Secondary Index File A secondary index file might be created for each of the possible secondary indexes. Each entry in the secondary index file should consists of the following two fields: secondary index field (e.g. Beethoven) the corresponding primary index key (e.g. ANG3795) CPSC 231 Indexing (D.H.)

Record Addition Adding a record to the data file implies adding a record to the secondary index file. Costs of that are similar to the cost of adding a record in the primary index file. (e.g. records might have to be shifted) CPSC 231 Indexing (D.H.)

Record Deletion Deleting a record implies removing all references to that record in the file system. After the search on the secondary key, we perform a search on the primary key of the record to be deleted and and remove it from the secondary index file. CPSC 231 Indexing (D.H.)

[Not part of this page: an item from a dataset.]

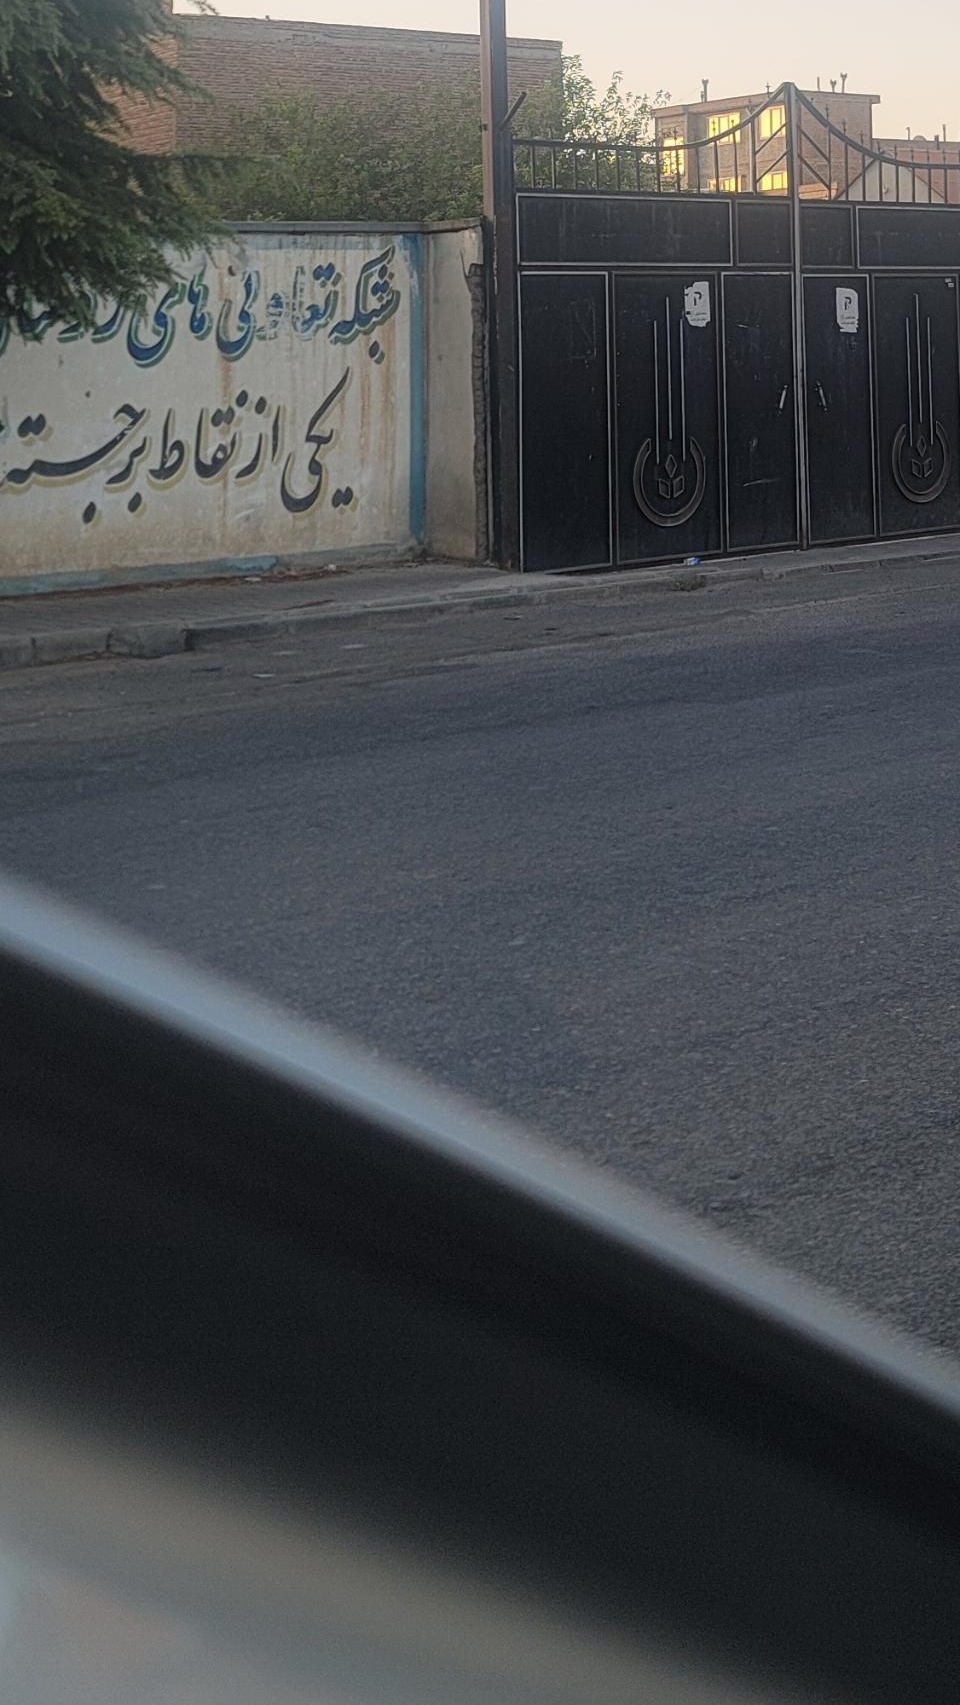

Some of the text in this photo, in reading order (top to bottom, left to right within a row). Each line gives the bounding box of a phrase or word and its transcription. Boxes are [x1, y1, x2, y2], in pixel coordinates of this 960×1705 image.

[328, 245, 400, 365] شبکه
[148, 390, 249, 486] نقاط
[235, 397, 284, 482] از
[280, 366, 360, 514] یکی

Record Updating There are three possible situations: The update changes secondary key (if the secondary key is changed, we may have to rearrange the secondary key index so it stays in sorted order) The update changes the primary key (it has a big impact on the primary key index but in the secondary key index we only need to update the affected primary key field) CPSC 231 Indexing (D.H.)

Record Updating Update is confined to other fields: all updates that do not affect either the primary or secondary key fields do not affect the secondary key index, even if the update is substantial. CPSC 231 Indexing (D.H.)

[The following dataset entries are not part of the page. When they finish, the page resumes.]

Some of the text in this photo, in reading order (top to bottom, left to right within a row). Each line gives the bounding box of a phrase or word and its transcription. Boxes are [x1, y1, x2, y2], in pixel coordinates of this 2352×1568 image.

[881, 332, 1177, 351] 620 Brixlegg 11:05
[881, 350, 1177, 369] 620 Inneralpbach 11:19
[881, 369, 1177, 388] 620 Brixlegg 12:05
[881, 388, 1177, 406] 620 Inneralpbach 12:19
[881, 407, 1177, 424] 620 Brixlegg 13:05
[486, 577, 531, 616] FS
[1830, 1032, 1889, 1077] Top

Retrieving Data with Multiple Secondary Keys Example: If we want to find all CDs in a music store that have Beethoven’s Symphony No. 9 then we should search data files by using the following secondary keys: composer AND title. Both of those searches should produce a list of CDs by providing their primary keys. CPSC 231 Indexing (D.H.)

Boolean AND in searches EG. The search by composer could produce the following list of CDs (ANG3795, DG139201, DG18807, RCA2626) and the search by title could produce the following list of CDs (ANG3795, COL31809, DG18807) The CDs that we are interested in will have to belong to both of the above lists. (In other words we are taking an intersection of two sets) WHY? CPSC 231 Indexing (D.H.)

Boolean OR searches If we want to find all CDs by Beethoven and Chopin then we will use OR operation in our secondary key searches. To obtain the list of CDs that we are interested we would have to combine the outcomes of both searches (or use a union of two sets) WHY? CPSC 231 Indexing (D.H.)

Cons of the Current Secondary Index Structure Index file has to be rearranged every time a new record is added to the file. If there are duplicate secondary keys, the secondary key field is repeated for each entry. CPSC 231 Indexing (D.H.)

Improvements to the secondary index key structure Solution 1 Allow for multiple primary keys to be associated with a single secondary key by allocating an array of primary keys for each secondary key entry. Solves the problem of sorting each time when an new entry is added. Suffers from internal fragmentation (WHY?), and the number of allocated entries in the array may prove too small. CPSC 231 Indexing (D.H.)

Improvements to the secondary index key structure Solution 2 Create an inverted list of indexes. Have each secondary key point to a list of primary key references associated with it. This method eliminates most of the problems associated with maintaining a secondary index file. WHY? CPSC 231 Indexing (D.H.)

Selective Index A selective index contains keys for only a portion of the records in the data file. Such an index provides the user with a view of a specific subset of the file’s records. (E.G. all CDs of Beethoven’s work produced in 1998) CPSC 231 Indexing (D.H.)

Binding Binding takes place when a key is associated with a particular physical record in the data file. This can take place either during the preparation of the data file and indexes or later on during program execution. CPSC 231 Indexing (D.H.)